An academic contribution to SWE-bench
On 2 April 2024, the Princeton NLP group, in collaboration with Stanford, releases SWE-agent. The lead authors — John Yang, Carlos E. Jimenez and colleagues — come from the same research line that had produced, a few months earlier, the SWE-bench benchmark for evaluating software agents. The project is published under the MIT licence and is presented at NeurIPS 2024 with the paper “SWE-agent: Agent-Computer Interfaces Enable Automated Software Engineering”.

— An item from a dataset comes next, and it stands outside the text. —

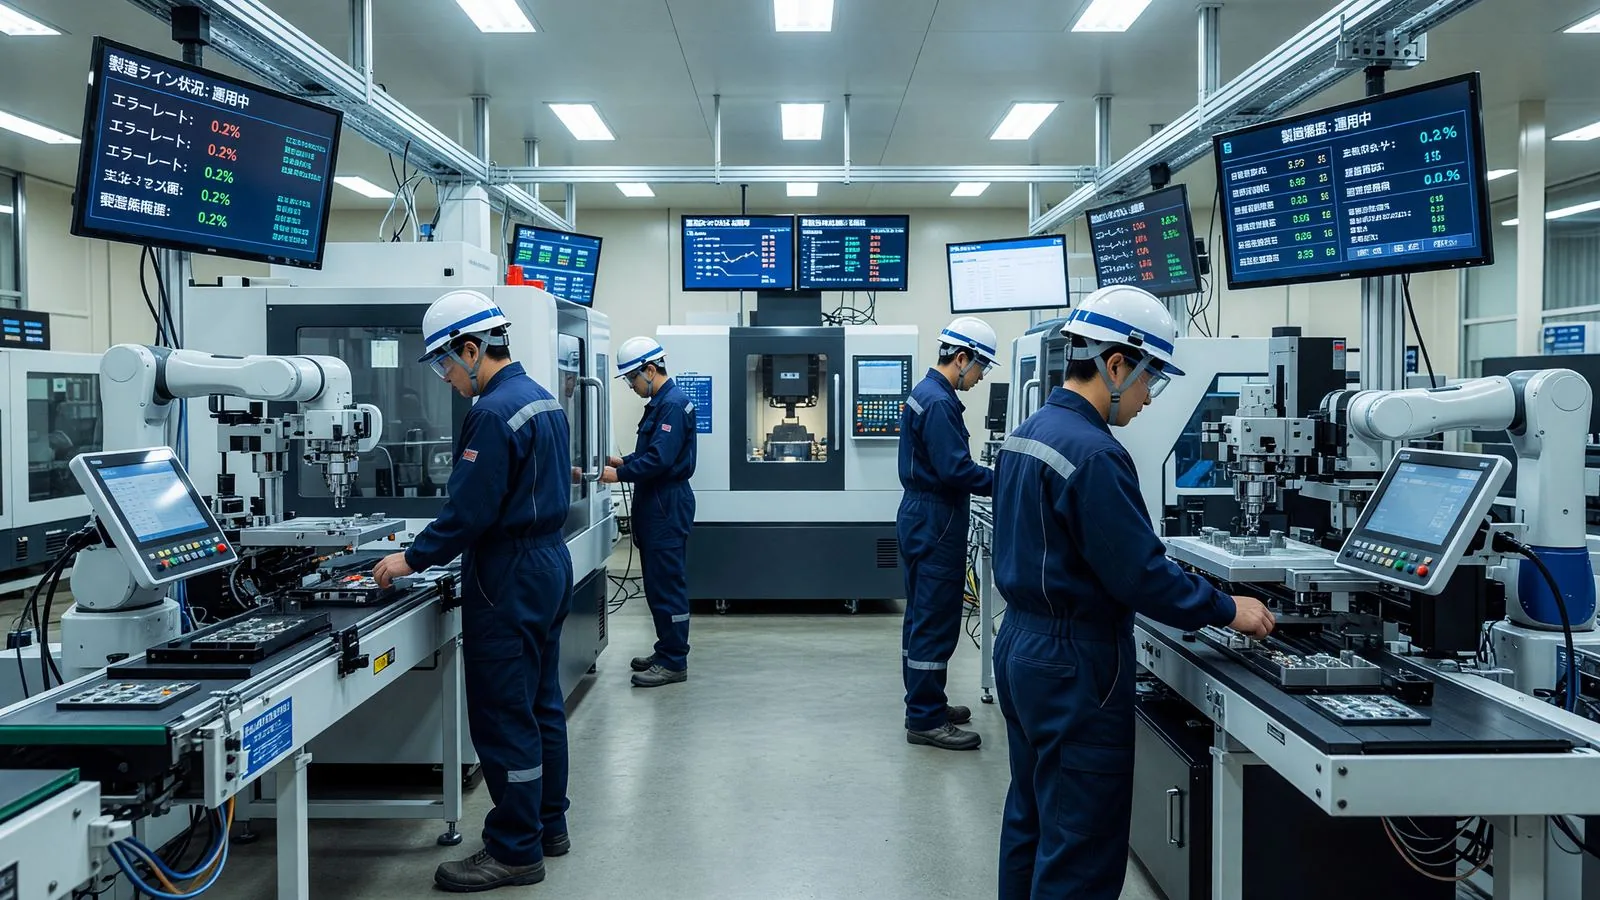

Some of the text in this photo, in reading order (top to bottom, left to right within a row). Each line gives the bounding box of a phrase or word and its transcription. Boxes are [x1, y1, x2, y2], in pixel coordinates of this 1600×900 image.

The central contribution is conceptual: showing that the limiting factor in solving software engineering tasks is not so much the model’s capability as the design of the interface between agent and environment.
Agent-Computer Interface
The paper introduces the notion of Agent-Computer Interface (ACI): the set of primitives through which the agent observes and modifies the system state. A raw shell offers maximum generality but forces the agent to handle verbose output, escape sequences and inconsistent formats. An interface designed for agents — with structured commands, compact output and explicit feedback — reduces cognitive load and significantly improves performance.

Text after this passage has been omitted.